Forgive the late entry, it’s taken a while to be able to write this one
7 week scan showed babies. Definitely two, possibly a third. They couldn’t agree on whether it was indeed a third baby (and heartbeat) or just a mirror image of one of the other two. I had to drive to an office an hour away for a second and third opinion with two higher consultants, who still couldn’t say for sure. I just have to wait.
9 week scan showed 2 babies. I’d had a bleed the week before, and they think maybe that was the 3rd baby but they can’t be sure. But as of 9 weeks there are definitely two babies growing perfectly on track.

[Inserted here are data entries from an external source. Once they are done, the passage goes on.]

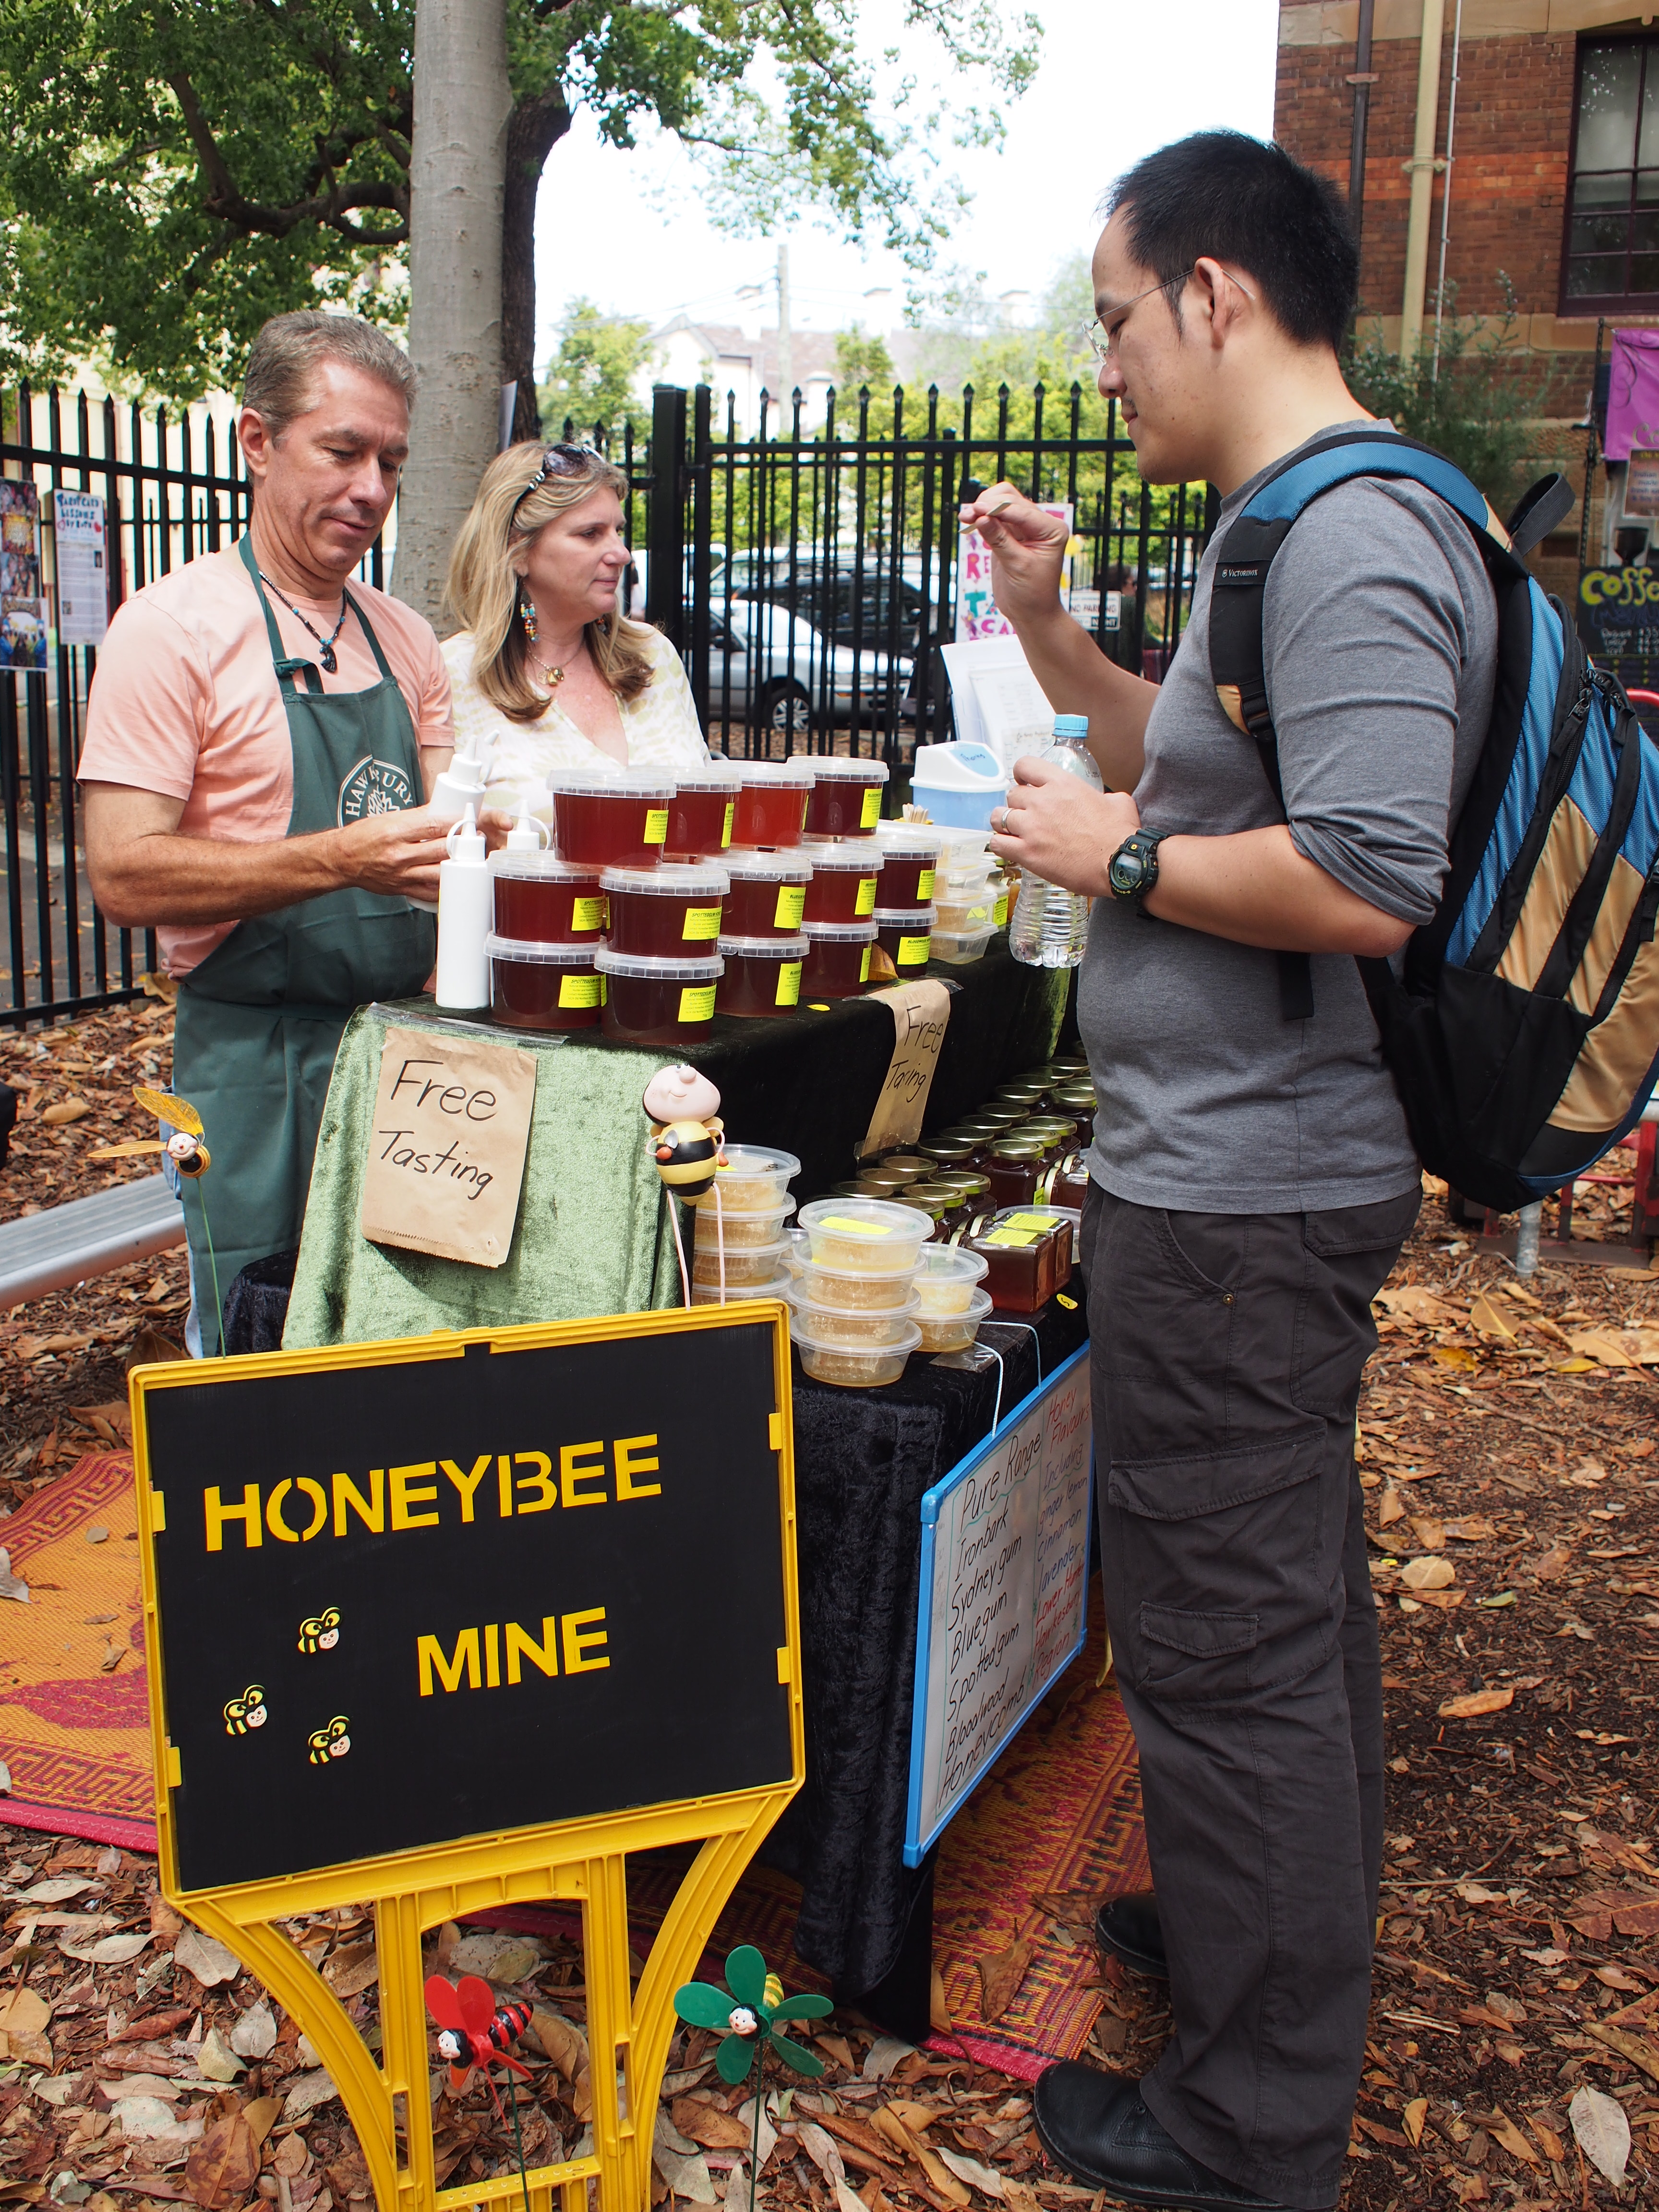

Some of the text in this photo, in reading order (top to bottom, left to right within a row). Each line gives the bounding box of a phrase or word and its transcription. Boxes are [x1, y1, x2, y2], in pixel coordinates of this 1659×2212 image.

[904, 1005, 944, 1054] Free
[390, 1059, 498, 1122] Free
[379, 1130, 493, 1201] Tasting
[1046, 1387, 1077, 1433] Honey
[1050, 1403, 1090, 1454] Flavours
[204, 1433, 662, 1552] HONEYBEE
[961, 1433, 1042, 1534] Pure Range
[1043, 1443, 1084, 1491] Including
[955, 1495, 1009, 1582] Ironbark
[1038, 1479, 1087, 1537] ginger lemon
[1038, 1538, 1081, 1599] lavender
[1033, 1587, 1082, 1660] Hawkesbury
[1035, 1586, 1063, 1629] Lower
[417, 1606, 611, 1696] MINE
[1032, 1630, 1070, 1690] Region
[938, 1665, 1027, 1809] Honeycomb
[946, 1666, 1010, 1764] Bloodwood

It’s been a shock to say the least. For the two weeks between the scans I didn’t function, at all. I just cried on the couch all day long. Twins changes everything, but also leaves a lot of uncertainty. I was planning for one baby to complete my family. One more would be fine, hopefully a birth just like my son’s where I was in and out in a day, where I could work up to 35-36 weeks again and not lose much income, where I already had everything I needed (car seat, pram, crib, cot etc) Suddenly, I have two on the way, and I need to stop work before my first day of work this summer (ah the joys of seasonal and self employed work) I have to change my car because I can’t fit 3 seats in mine, and definitely not my dog too. I need to buy another car seat, another crib, another cot…luckily the pram can be used as a double
I’m incredibly scared at two babies, and I wonder how on earth I’ll cope emotionally, financially, physically. Some way I’ll have to but right now it’s all I can do to get dressed each day and make it a few hours without crying.
I’ve graduated from the IVF clinic, and without a shadow of a doubt I can say I will never return – if this pregnancy doesn’t work out there is no more babies. I’m DONE. So that’s nice. My next scan will be my 3 month scan via the NHS.
One step at a time. One scary step at a time.